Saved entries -
= = = = =

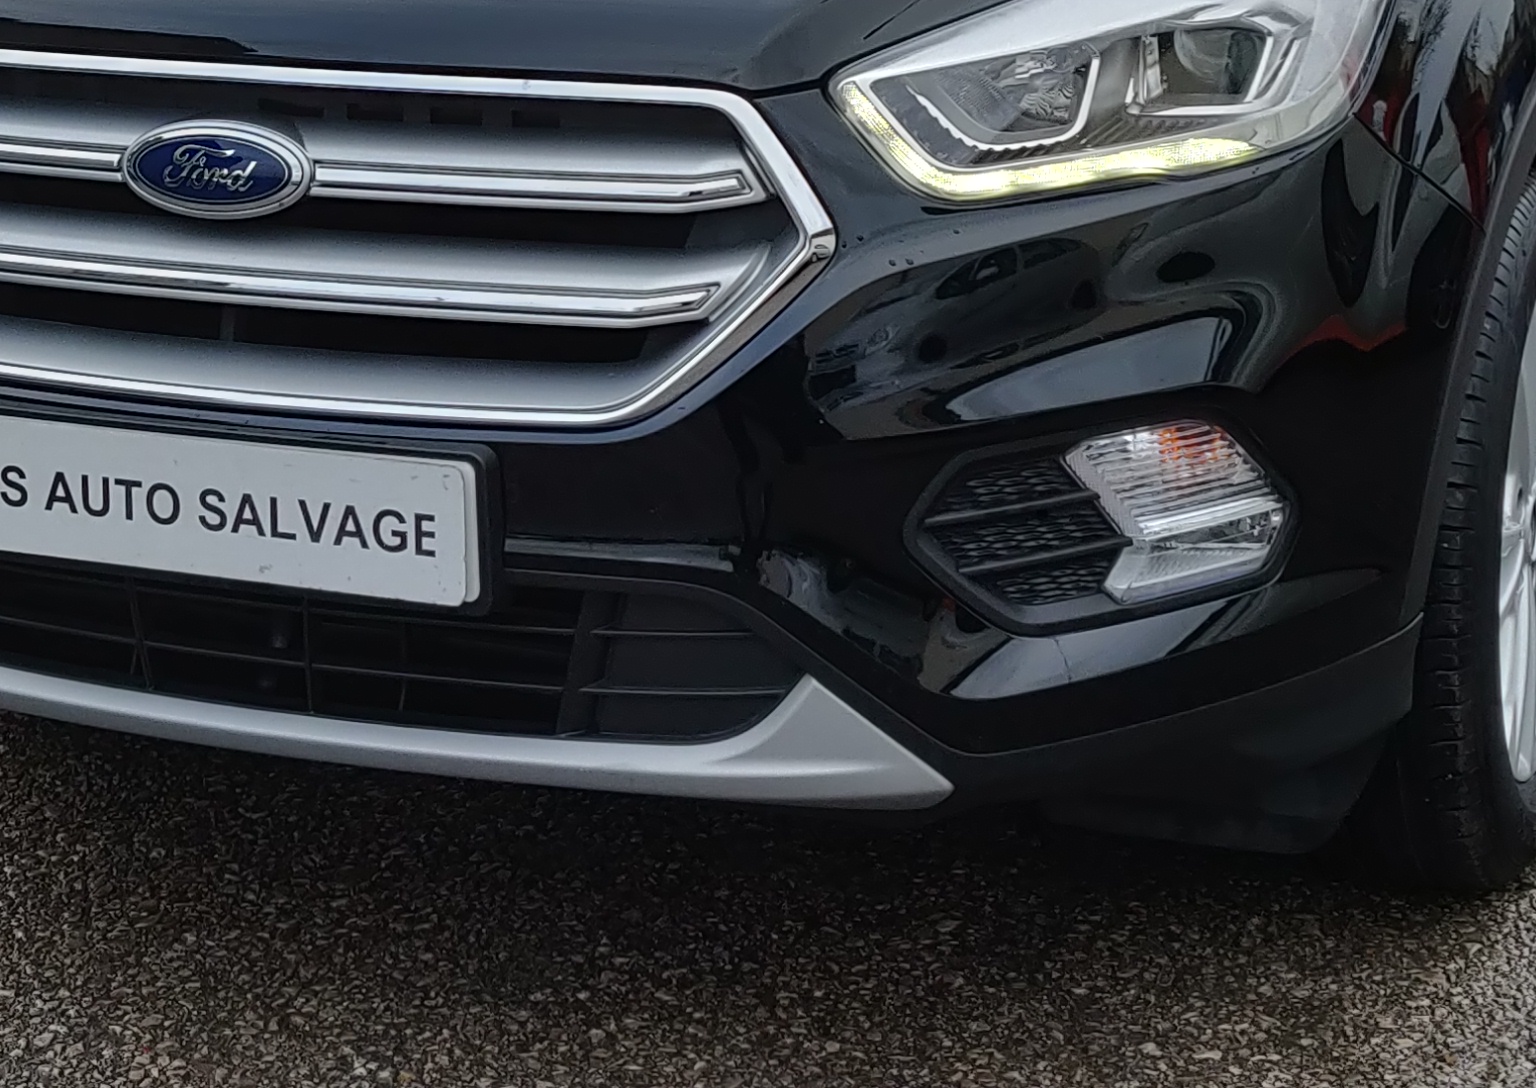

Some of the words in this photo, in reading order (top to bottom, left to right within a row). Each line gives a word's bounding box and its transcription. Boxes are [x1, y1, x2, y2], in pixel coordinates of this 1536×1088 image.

[162, 143, 258, 192] Ford
[44, 470, 181, 526] AUTO
[197, 487, 437, 559] SALVAGE
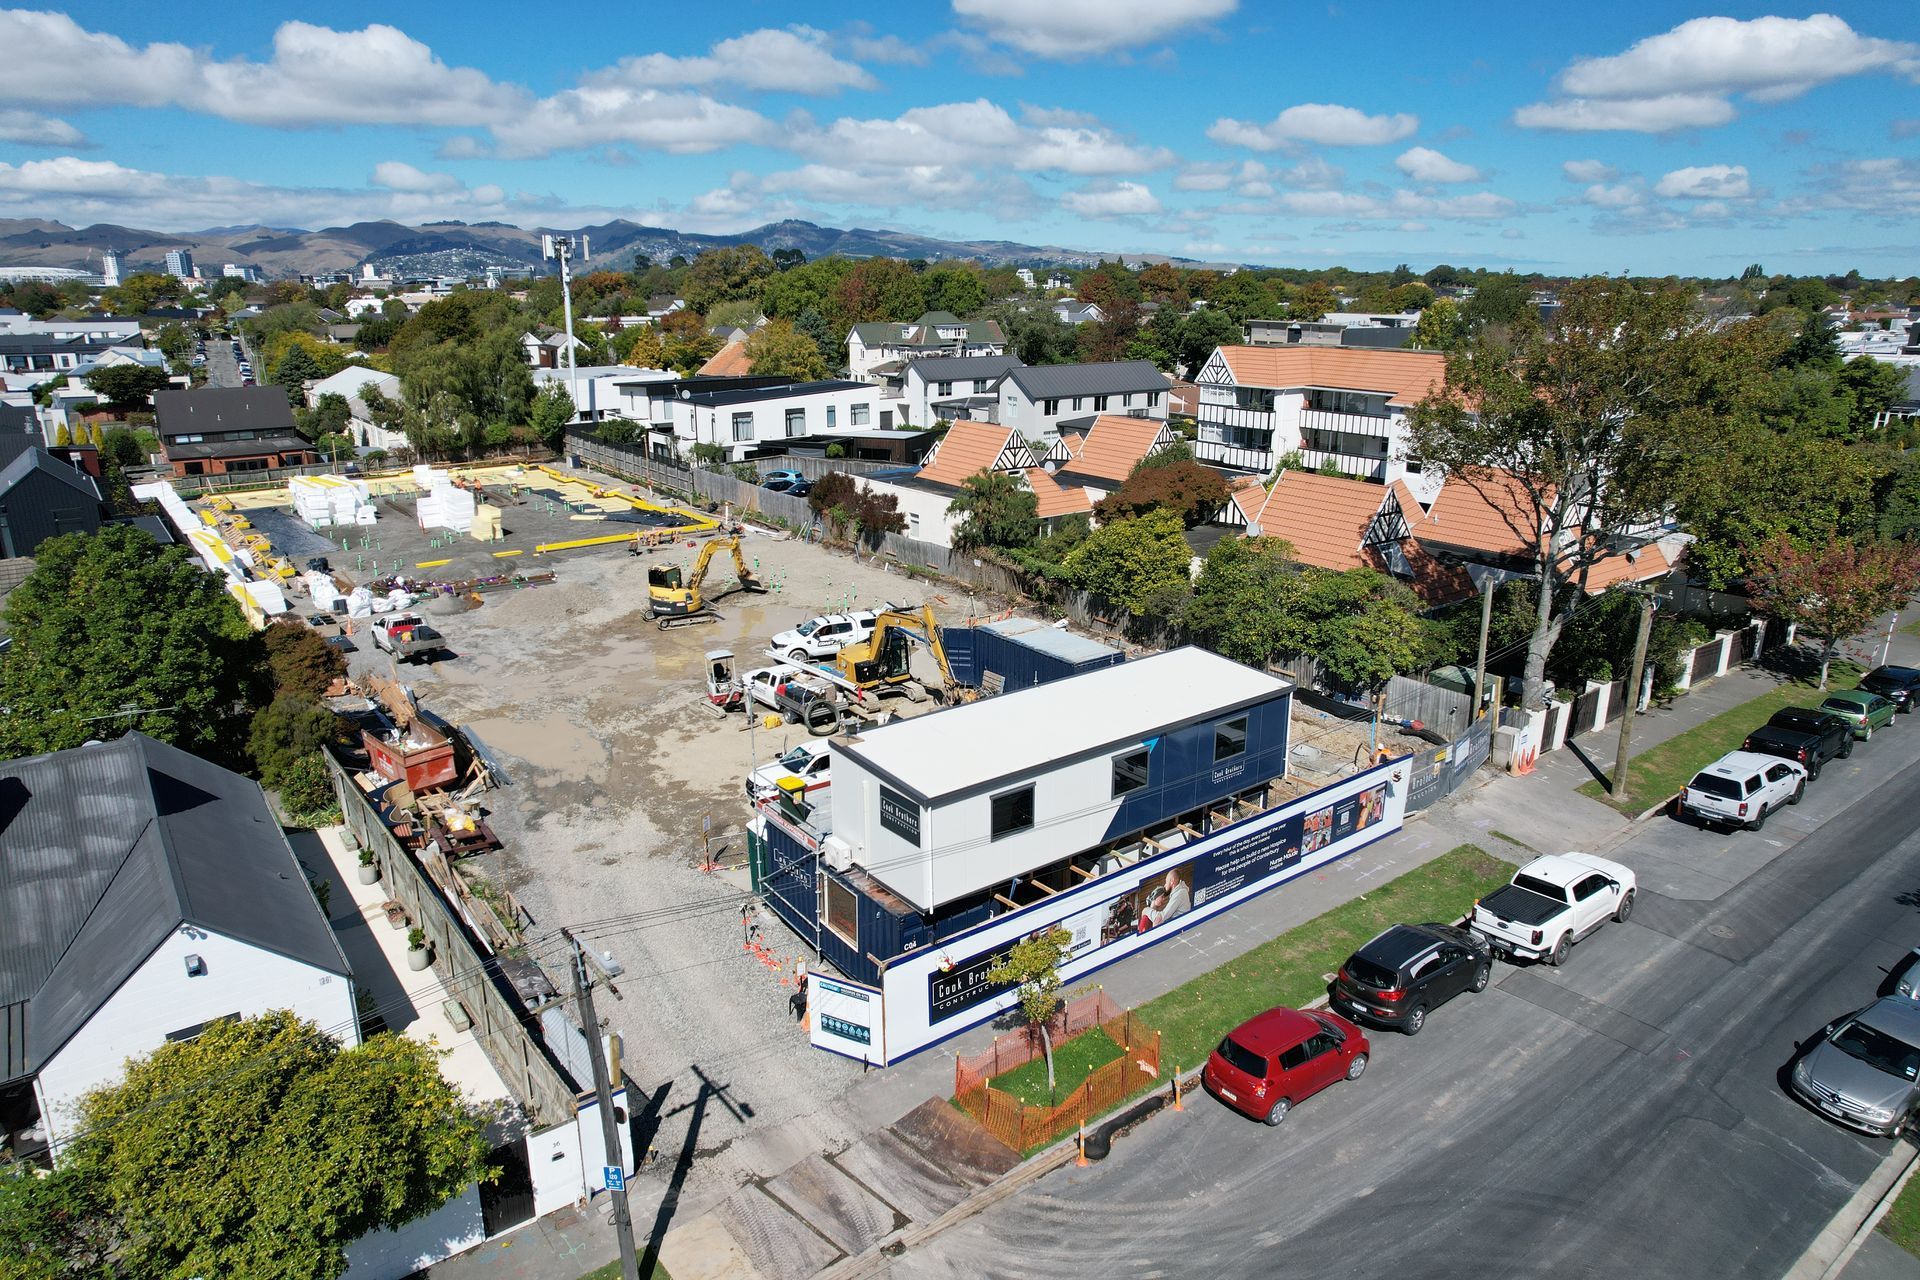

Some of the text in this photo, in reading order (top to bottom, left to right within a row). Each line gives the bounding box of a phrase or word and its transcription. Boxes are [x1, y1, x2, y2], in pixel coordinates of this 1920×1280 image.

[883, 800, 917, 827] Cook Brothers
[883, 812, 917, 835] CONSTRUCTION
[1215, 863, 1229, 872] Please
[1246, 850, 1256, 859] build
[1270, 838, 1286, 849] Hospice
[1236, 860, 1250, 871] people
[1257, 848, 1279, 861] Canterbury
[1269, 856, 1283, 866] Nurse
[939, 978, 962, 998] Cook
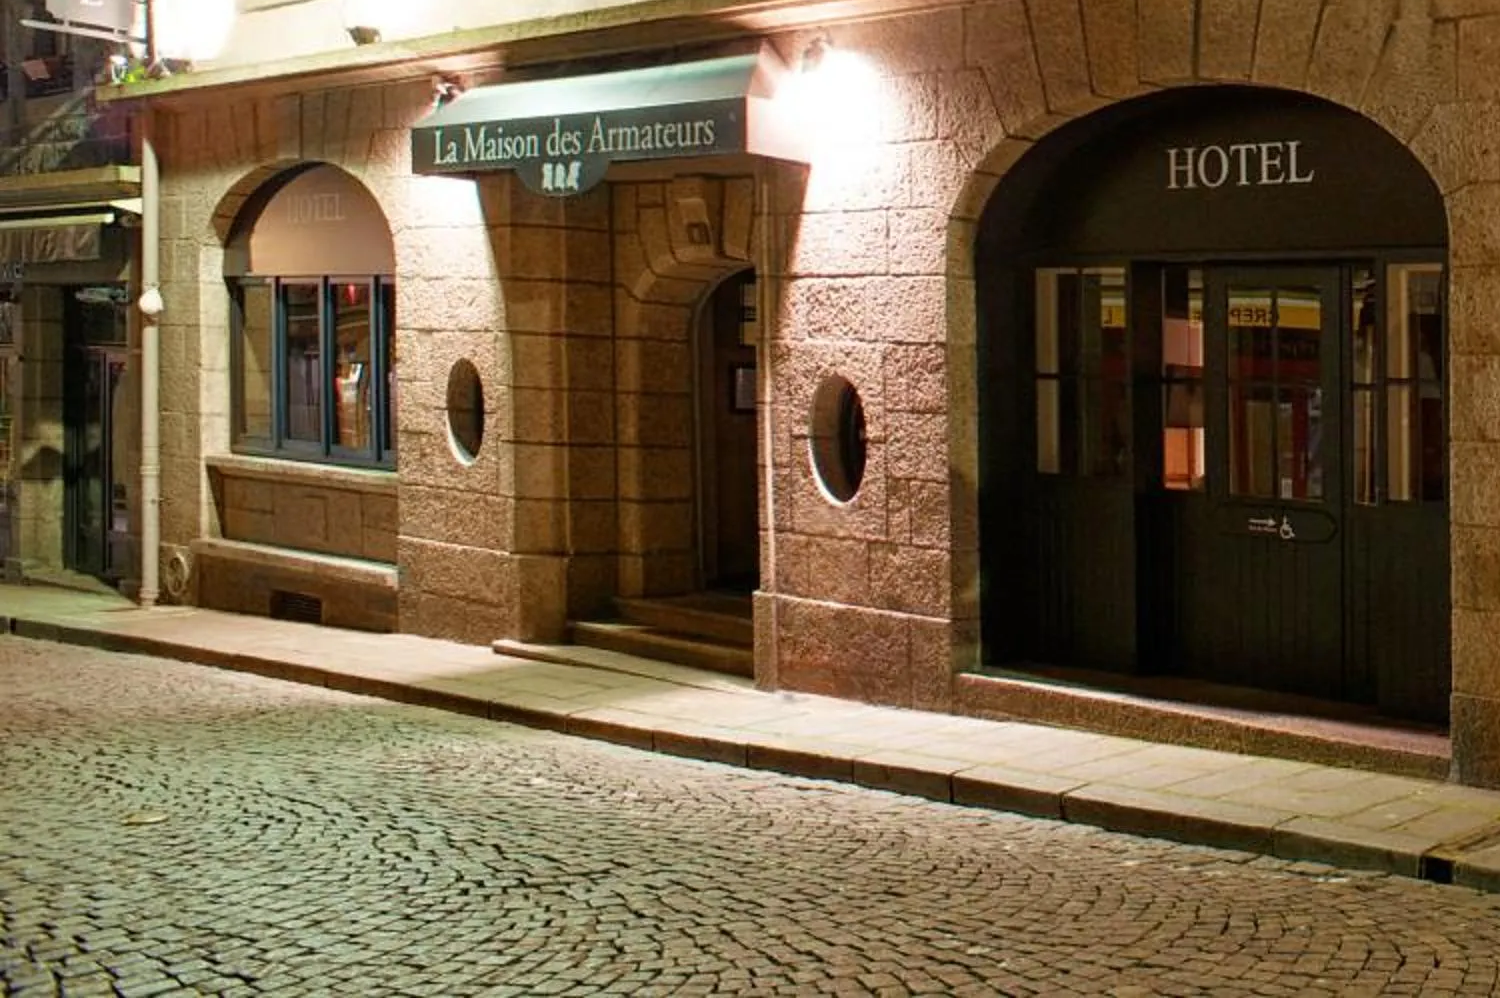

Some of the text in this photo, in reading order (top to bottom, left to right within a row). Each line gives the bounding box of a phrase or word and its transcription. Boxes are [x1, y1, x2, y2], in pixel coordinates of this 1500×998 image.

= = = = =

WHAT THIS TASK INVOLVES - Restate word for word the lines starting at the one that contains "this 1920×1280 image." and ending at the last line of the data. Skip every picture.

YOUR SOLUTION -
Some of the text in this photo, in reading order (top to bottom, left to right within a row). Each line gives the bounding box of a phrase or word and its transcription. Boxes are [x1, y1, x2, y2], in pixel coordinates of this 1920×1280 image.

[883, 800, 917, 827] Cook Brothers
[883, 812, 917, 835] CONSTRUCTION
[1215, 863, 1229, 872] Please
[1246, 850, 1256, 859] build
[1270, 838, 1286, 849] Hospice
[1236, 860, 1250, 871] people
[1257, 848, 1279, 861] Canterbury
[1269, 856, 1283, 866] Nurse
[939, 978, 962, 998] Cook

Some of the text in this photo, in reading order (top to bottom, left to right within a row). Each line gives the bounding box of a phrase or word and its transcription. Boxes are [x1, y1, x2, y2], in pixel coordinates of this 1500×998 image.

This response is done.